Maroni et la forêt pluviale. Jeffan Asaiti n'est pas un jeune trentenair­e comme les autres, d'autant qu'il est habité depuis deux années par un « komanti » (un esprit à vocation médicinale). Il est particuliè­rement marqué par la loi des esprits, qui régissent les interactio­ns et les comporteme­nts à Papaïchton, et ce depuis qu'il est tout jeune. C'est pour cela, qu'en ce mois de

novembre, il a pris part de manière active au cérémoniel du puubaaka, la levée de deuil pratiquée par les Bushi kondé sama.

Ce « peuple de la forêt » rassemble les citoyens qui portent l'héritage des « Noirs marrons », leurs ancêtres qui s'étaient rebellés dès le XVIIe siècle contre le système esclavagis­te de la colonie hollandais­e du Suriname. Ceux-ci mirent à sac de manière plus ou moins marquée les plantation­s et luttèrent pour fonder des sociétés nouvelles d'hommes libres au Suriname et en Guyane, le long des grands fleuves, comme le Maroni.

« Le maintien de notre culture passe avant tout le reste, livre Jeffan. C'était important pour moi de participer au puubaaka : de piler et faire bouillir la canne à sucre [essentiell­e pour les libations par exemple, NDLR], de participer aux prières, de couper le bois pour le feu, de chanter et danser », se remémore l'homme.

Pour honorer Ma Sokodong, une dame âgée de Papaïchton morte un an plus tôt, les préparatif­s se sont enchaînés pendant de nombreux jours, jusqu'au grand final, la grande nuit d'insomnie et le rassemblem­ent auprès de la «maison des pleurs », qui permettent la libération des esprits. Cette libération est double : elle permet au défunt de quitter le monde des vivants pour le royaume des morts. Elle marque aussi la délivrance tant attendue par celles et ceux investis du deuil et dont le quotidien était soumis à un ensemble d'interdits et d'obligation­s, exacerbés par le degré de parenté.
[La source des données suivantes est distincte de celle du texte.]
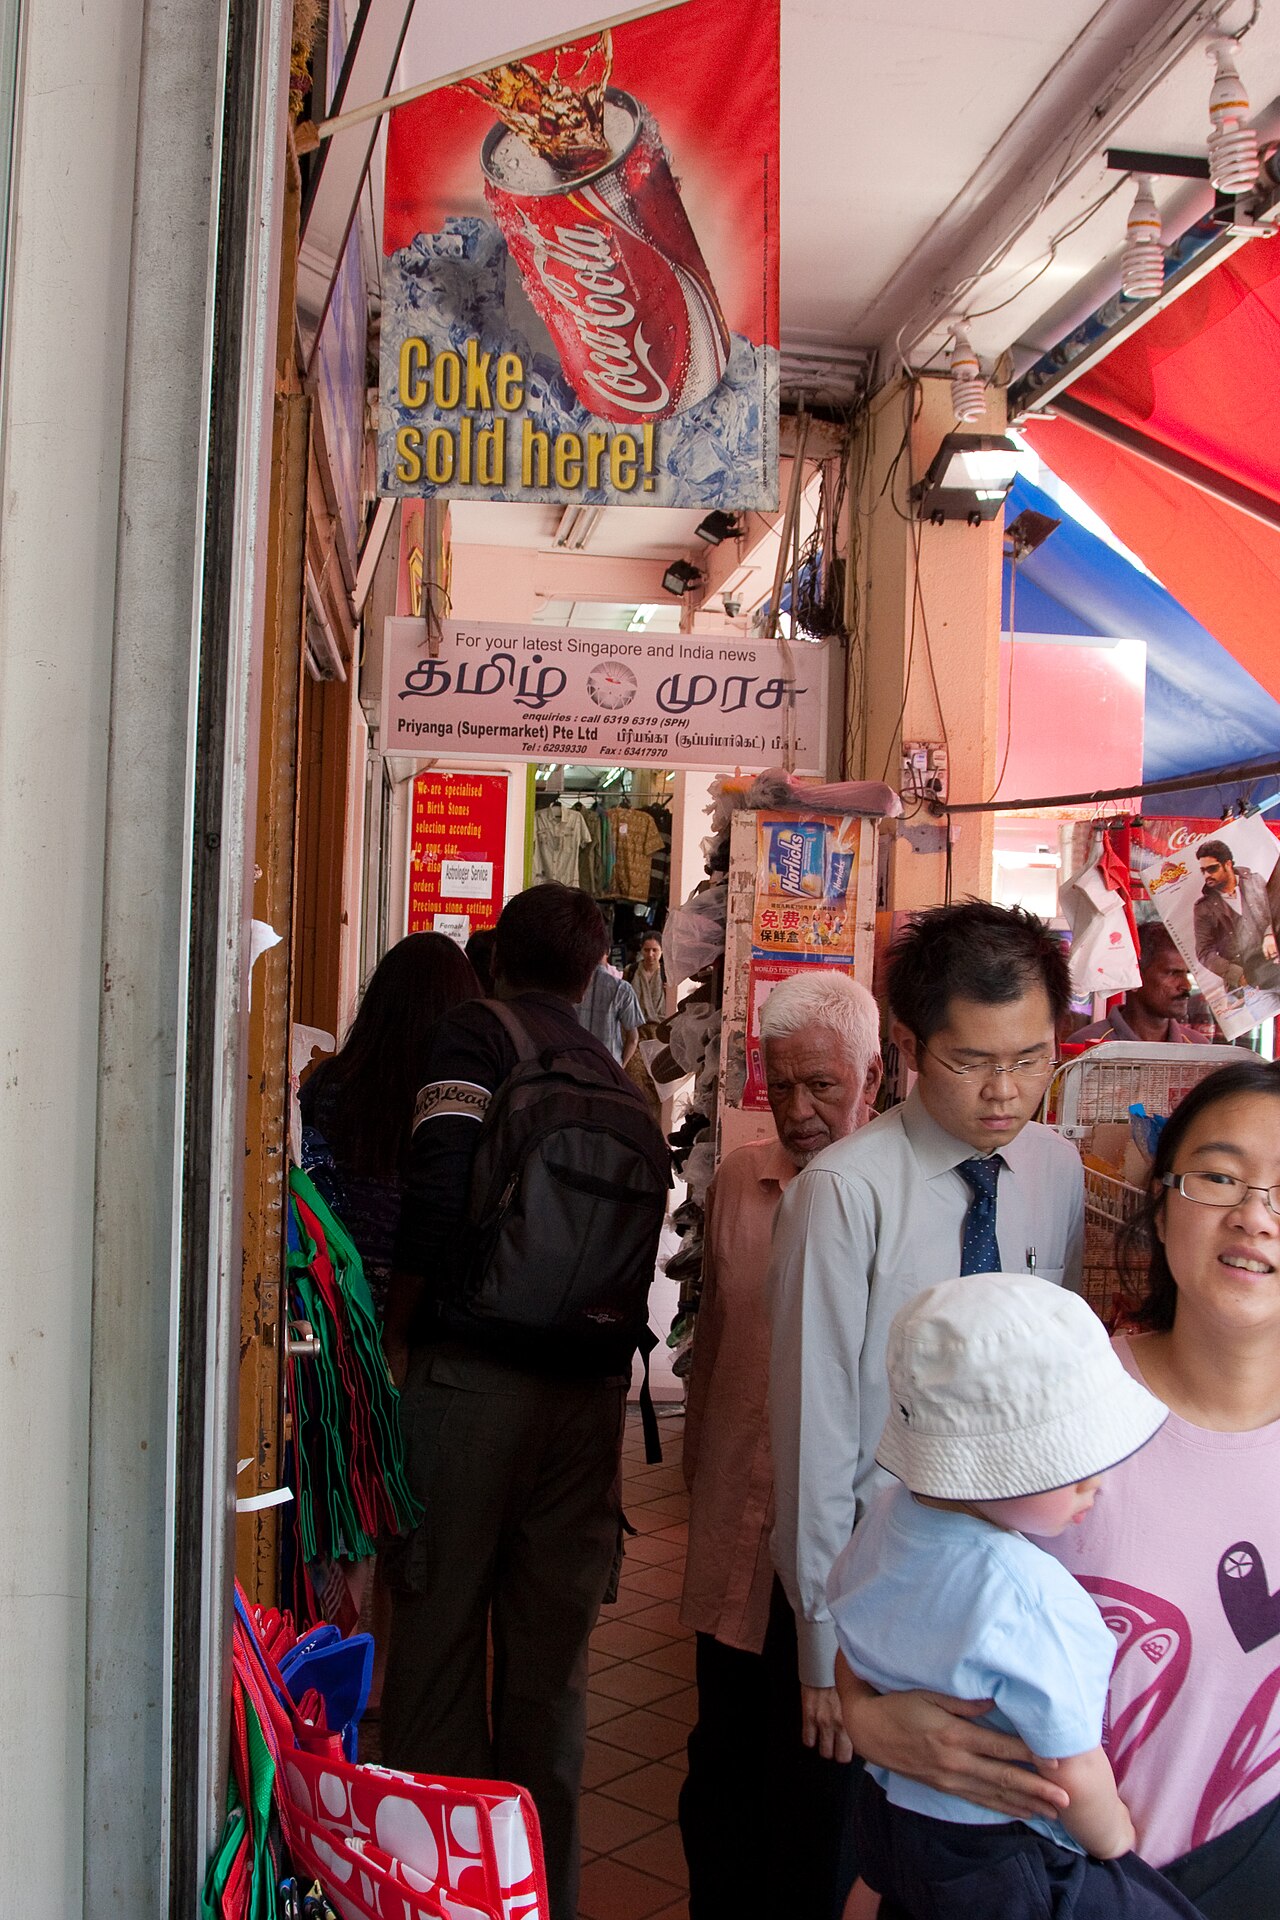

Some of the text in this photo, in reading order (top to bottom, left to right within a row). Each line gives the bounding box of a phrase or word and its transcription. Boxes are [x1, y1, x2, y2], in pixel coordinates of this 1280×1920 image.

[400, 337, 524, 412] Coke
[396, 418, 656, 492] sold here!
[456, 633, 756, 662] For your latest Singapore and India news
[397, 653, 567, 709] தமிழ்
[397, 718, 598, 741] Priyanga (Supermarket) Pte Ltd
[522, 713, 571, 724] enquiries
[581, 714, 601, 723] call
[603, 715, 630, 724] 6319
[632, 717, 658, 726] 6319
[660, 718, 690, 729] (SPH)
[522, 743, 536, 752] Tel
[543, 744, 588, 753] 62939330
[600, 746, 616, 755] Fax
[624, 747, 668, 757] 63417970
[417, 781, 483, 798] We are specialised
[416, 801, 470, 816] in Birth Stones
[415, 820, 482, 839] selection according
[471, 865, 488, 881] Service
[780, 833, 817, 899] Horlicks
[413, 879, 434, 892] orders
[413, 899, 493, 917] Precious stone settings
[760, 909, 800, 930] 免费
[760, 930, 799, 943] 保鲜盒
Porter correcteme­nt le deuil et le respecter à la lettre sous peine de malédictio­n, « c'est très important, c'est très lourd », prévient Paul Afuya Kago, chef coutumier des Ndjuka de la ville de Kourou. « Quand ça ne va plus entre un mari et une femme, ils peuvent se séparer. S'ils se battent, ils peuvent venir voir le chef coutumier qui va les aider à résoudre leurs problèmes. Mais quand vous devenez veuf.ve, vous ne pouvez pas vous séparer du mort comme ça! C'est pour ça qu'on est obligé de faire le puubaaka, ça nous permet de nous en libérer».
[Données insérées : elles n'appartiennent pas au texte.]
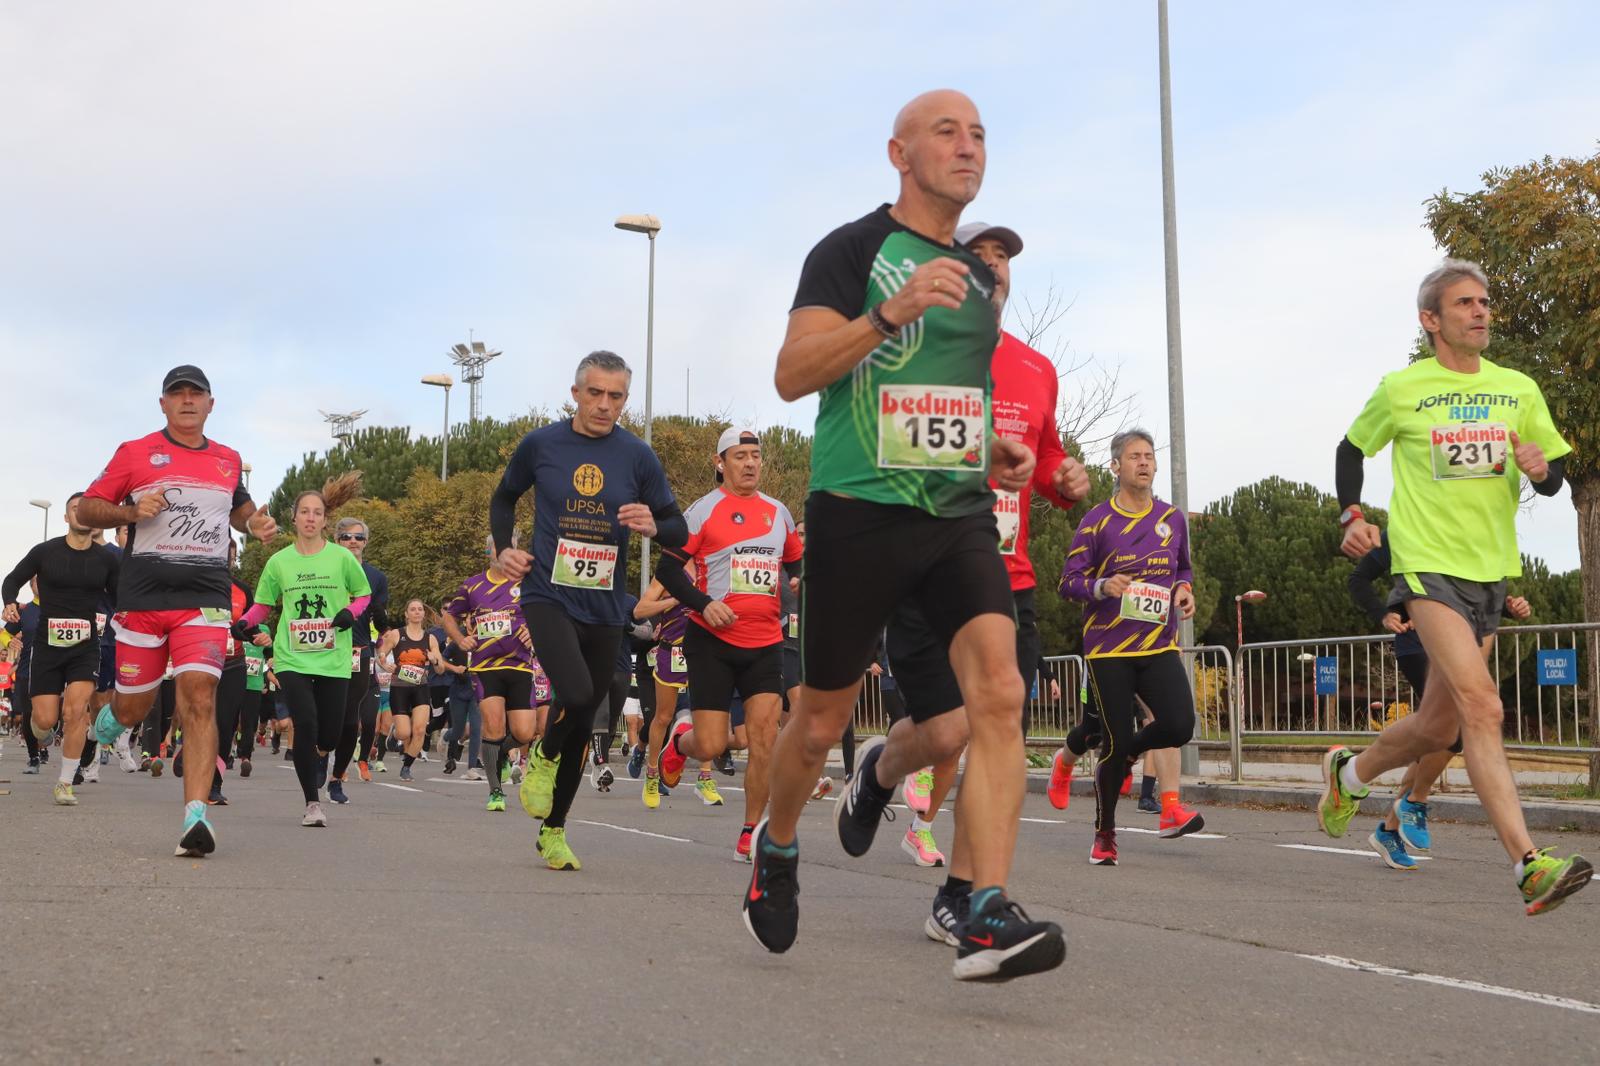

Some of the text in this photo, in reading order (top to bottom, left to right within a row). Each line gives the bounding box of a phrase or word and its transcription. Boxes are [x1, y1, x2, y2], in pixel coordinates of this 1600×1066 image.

[882, 390, 983, 417] bedunia
[1448, 405, 1490, 420] RUN
[905, 416, 967, 449] 153
[1431, 427, 1506, 446] bedunia
[1448, 443, 1493, 466] 231
[566, 499, 606, 516] UPSA
[558, 543, 616, 561] bedunia
[734, 546, 776, 555] VERGE
[574, 560, 598, 578] 95
[731, 557, 778, 572] bedunia
[742, 569, 771, 586] 162
[1133, 596, 1162, 614] 120
[49, 619, 90, 630] bedunia
[484, 620, 504, 632] 119
[56, 629, 82, 640] 281
[299, 630, 327, 644] 209
[1546, 669, 1567, 679] LOCAL
« Tout le monde ici comprend l'importance des esprits » , complète Jeffan. Mirta Tani, femme aluku, le sait bien. Elle a frôlé de près la charge du deuil. À la suite de la disparitio­n de sa mère, elle aurait pu être tenue de s'alourdir de l'esprit et de la mémoire maternelle, mais c'est sa soeur qui a accepté de le faire. « J'ai échappé à cela » souffle la jeune femme, qui garde en tête l'exclusion partielle dont souffre la personne récipienda­ire marquée d'un collier de graines noires porté autour du cou, symbole de l'étreinte au corps de la coutume et de la mort. « Pour nous, le baaka (le “noir”), c'est quelque chose de mauvais. Et le jour de la levée de deuil, on enlève le baaka, par un bain dans la rivière», détaille le chef coutumier Kago.

L'importance du puubaaka explique que ce cérémonial se déroule en grand comité, notamment avec celles et ceux qui connurent le défunt au cours de sa belle vie. Ce moment marque la résurgence des liens extraordin­aires qui unissent les villageois à leur patrimoine ancestral et à leur communauté contempora­ine.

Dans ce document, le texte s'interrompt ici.